Collected data
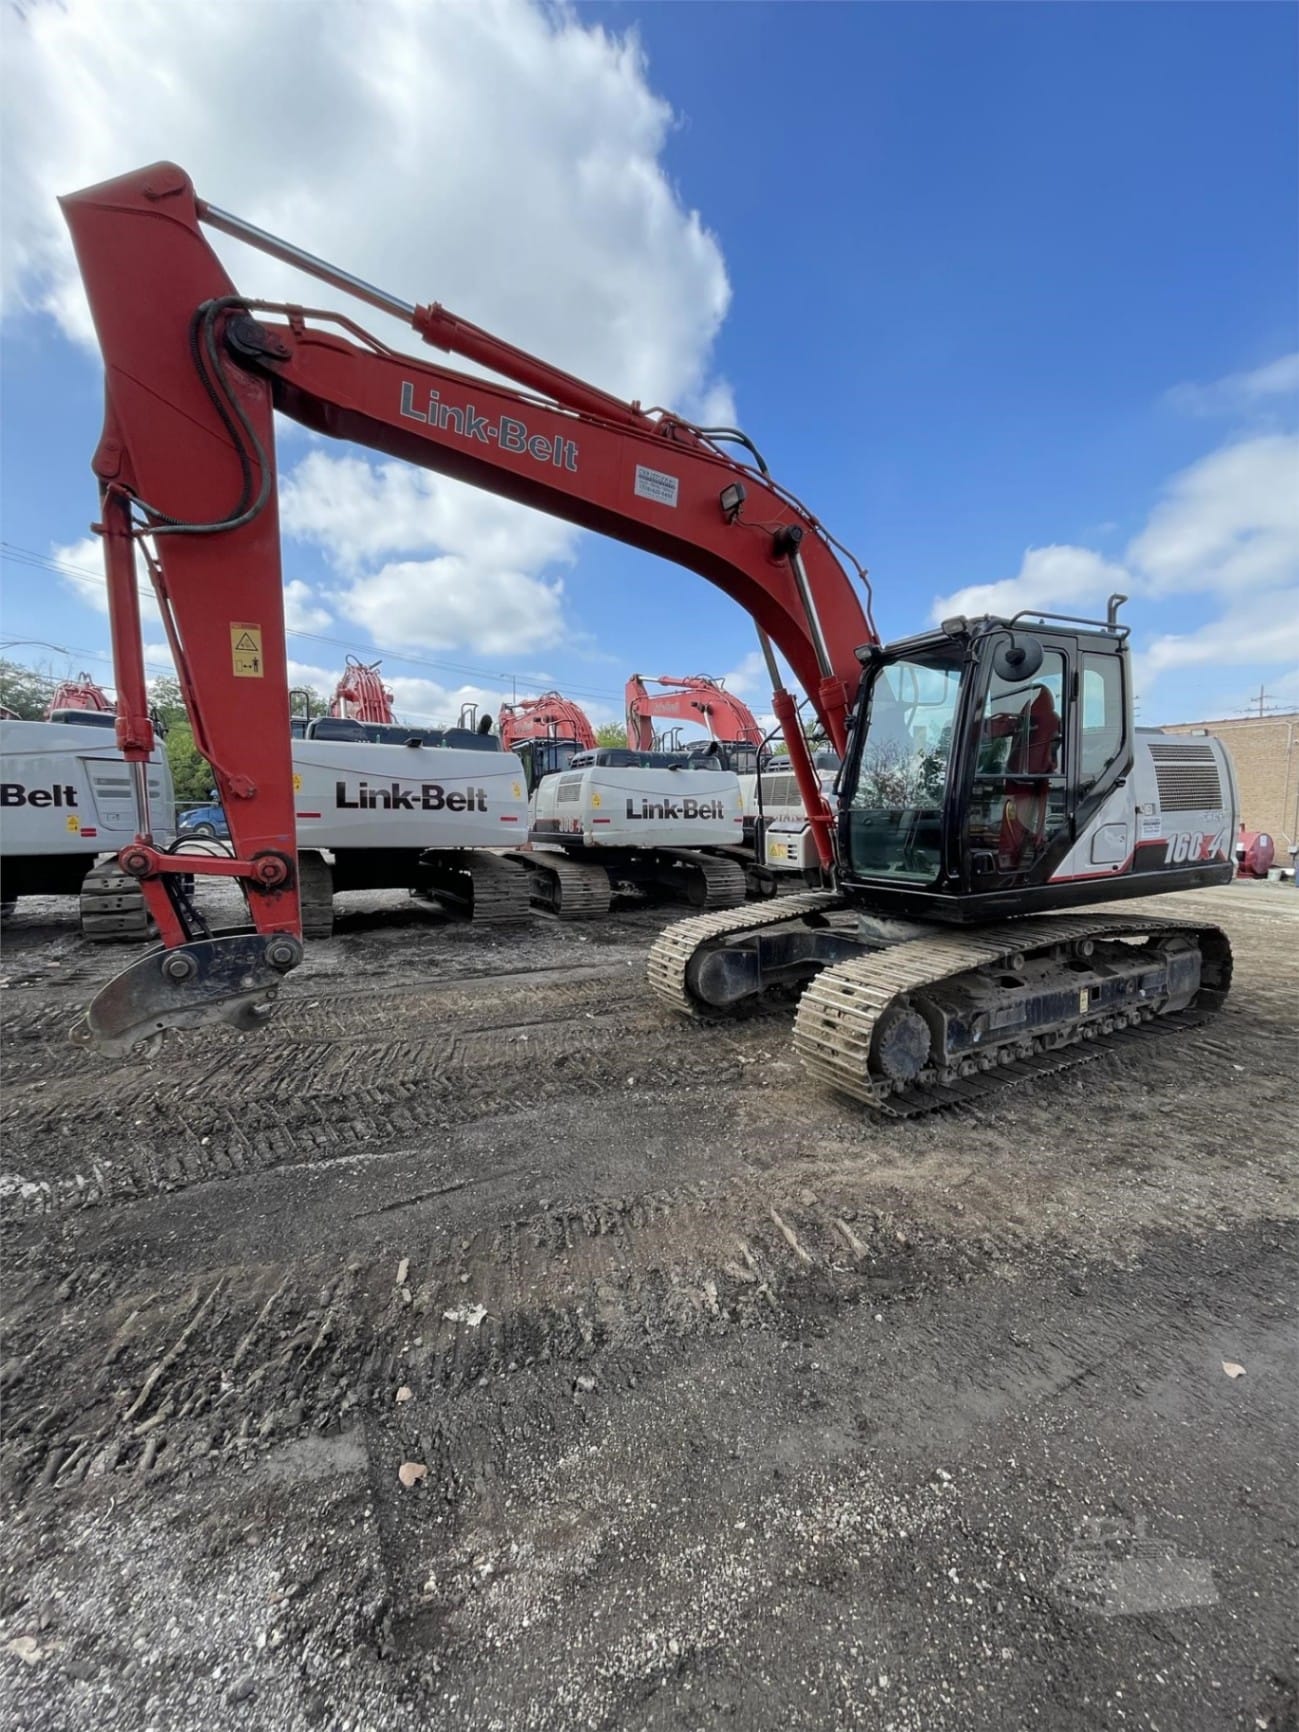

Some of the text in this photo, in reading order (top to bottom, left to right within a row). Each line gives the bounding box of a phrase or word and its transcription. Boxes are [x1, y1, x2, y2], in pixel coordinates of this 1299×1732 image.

[400, 381, 580, 472] Link-Belt
[0, 783, 78, 808] Belt
[336, 781, 488, 812] Link-Belt
[626, 799, 724, 819] Link-Belt
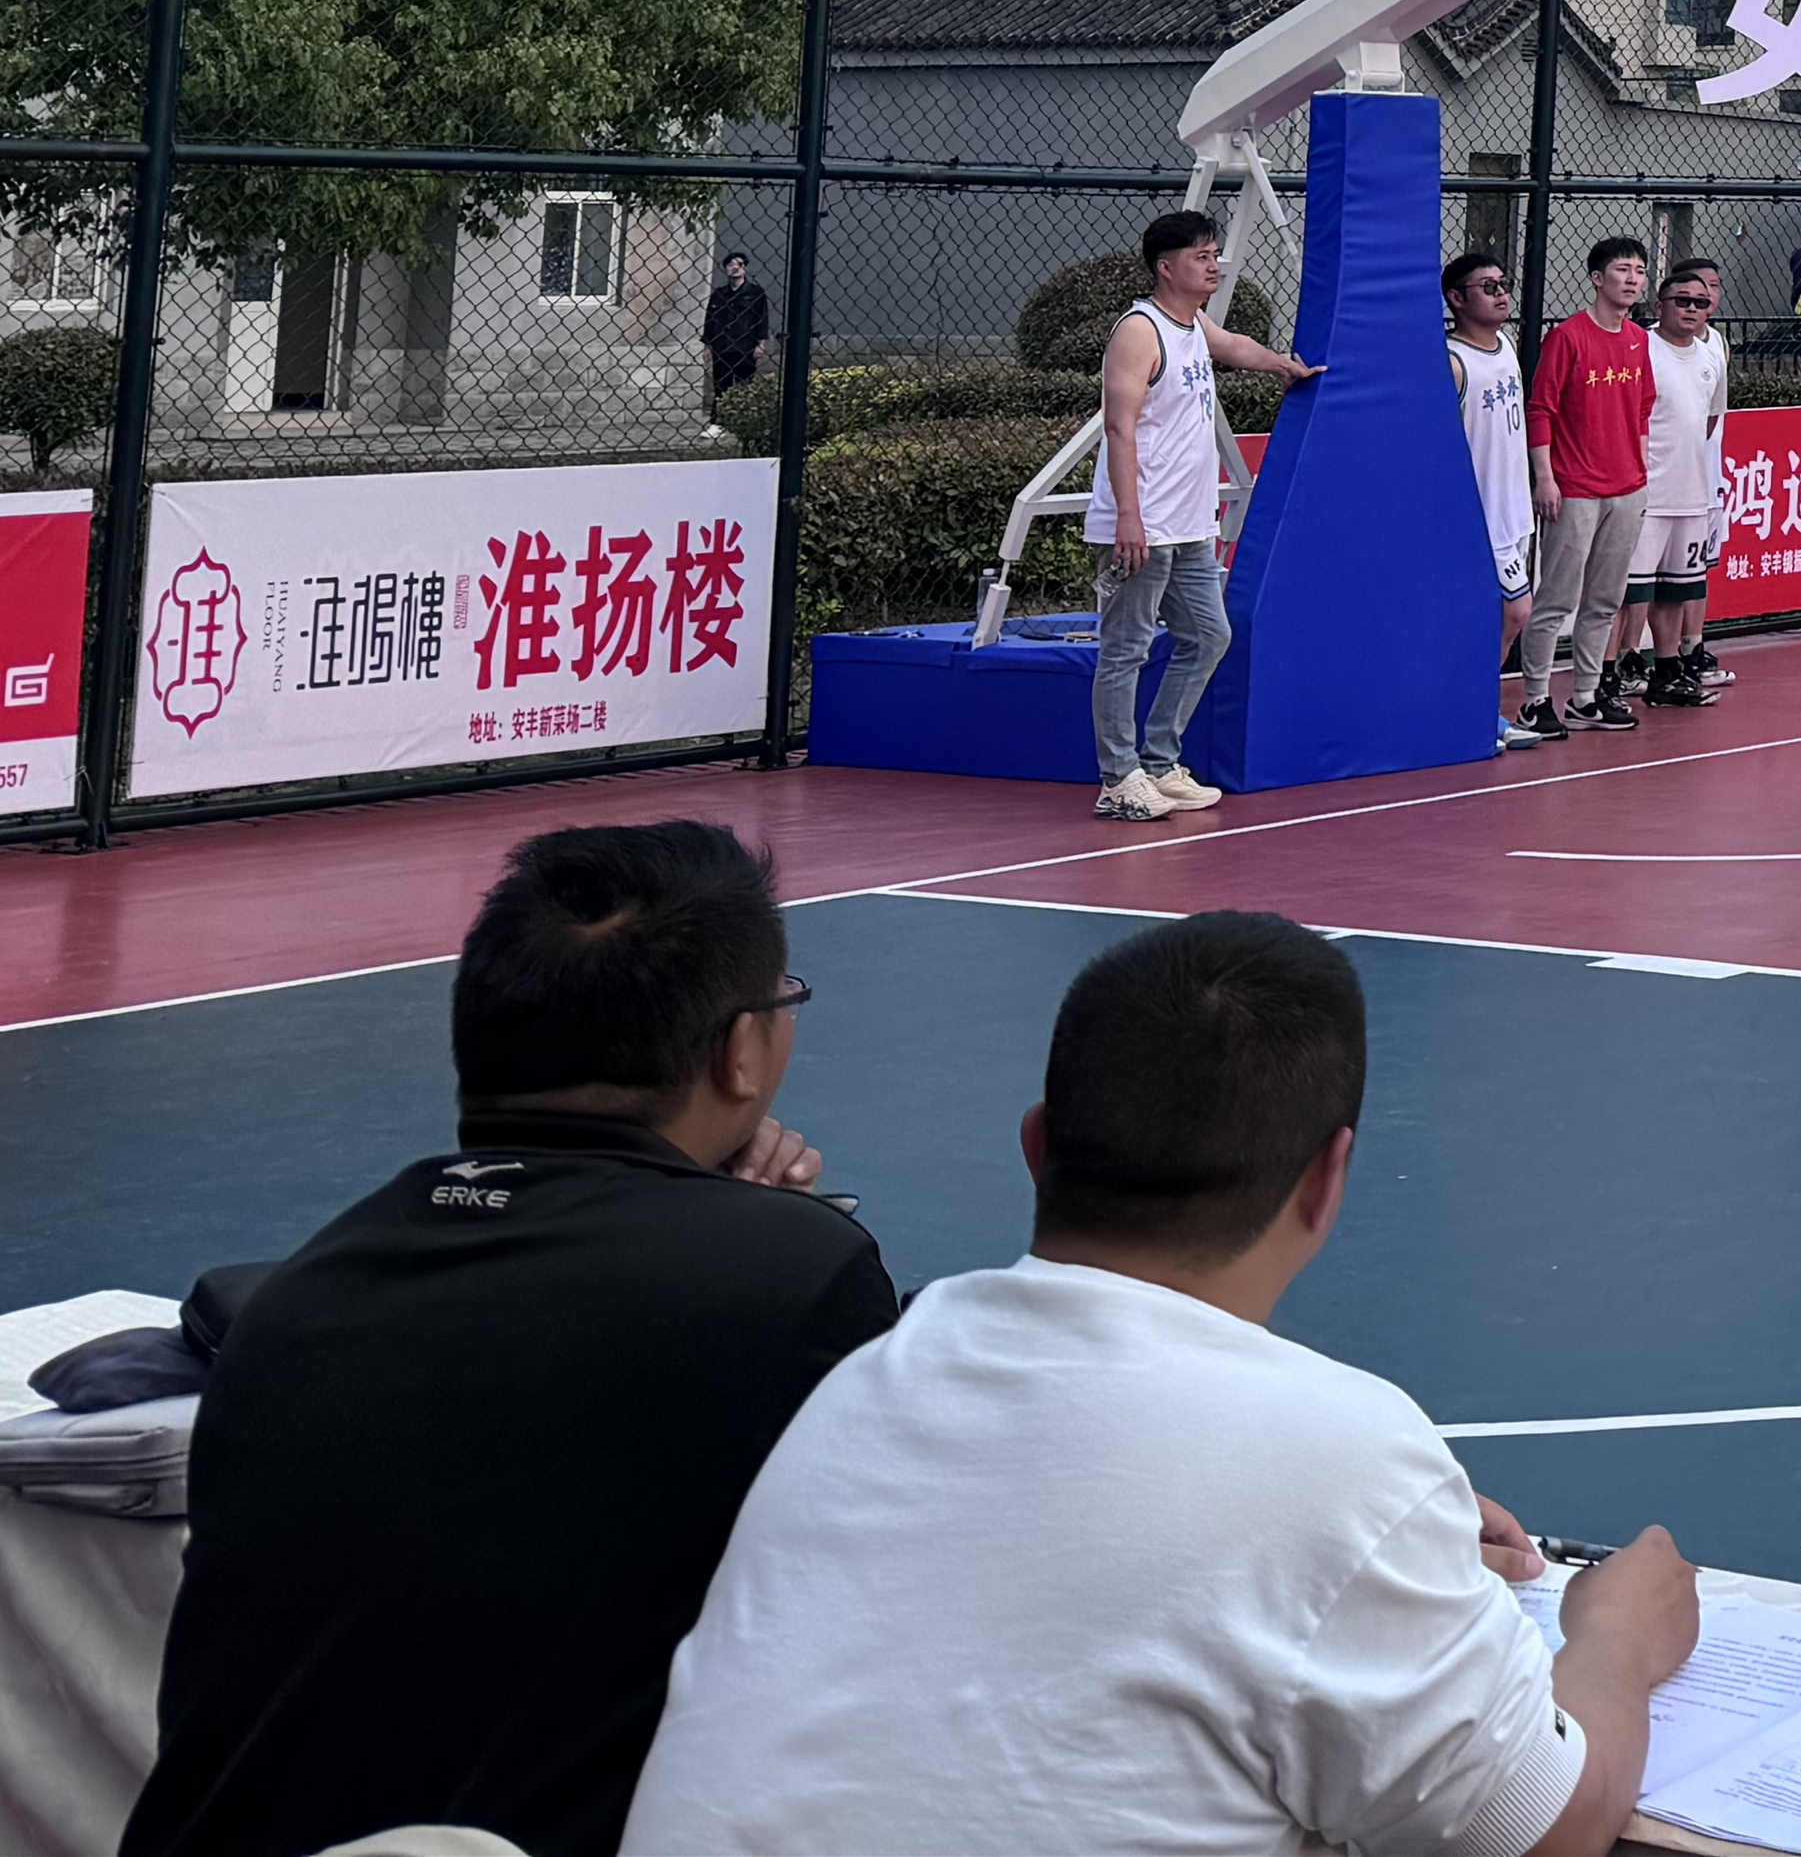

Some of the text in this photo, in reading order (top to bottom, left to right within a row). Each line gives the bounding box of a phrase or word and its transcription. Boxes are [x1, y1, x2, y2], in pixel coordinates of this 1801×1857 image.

[1482, 375, 1520, 412] 年丰水
[1506, 403, 1520, 435] 10
[474, 519, 745, 690] 淮扬楼
[431, 1185, 511, 1208] ERKE

_DIRECTIONS_
When you reach the line containing "this 1801×1857 image." in the data above, retype it and each line after it through the final one, exactly as written.

_SOLUTION TO THIS EXERCISE_
Some of the text in this photo, in reading order (top to bottom, left to right within a row). Each line gives the bounding box of a phrase or word and its transcription. Boxes are [x1, y1, x2, y2], in pixel coordinates of this 1801×1857 image.

[1482, 375, 1520, 412] 年丰水
[1506, 403, 1520, 435] 10
[474, 519, 745, 690] 淮扬楼
[431, 1185, 511, 1208] ERKE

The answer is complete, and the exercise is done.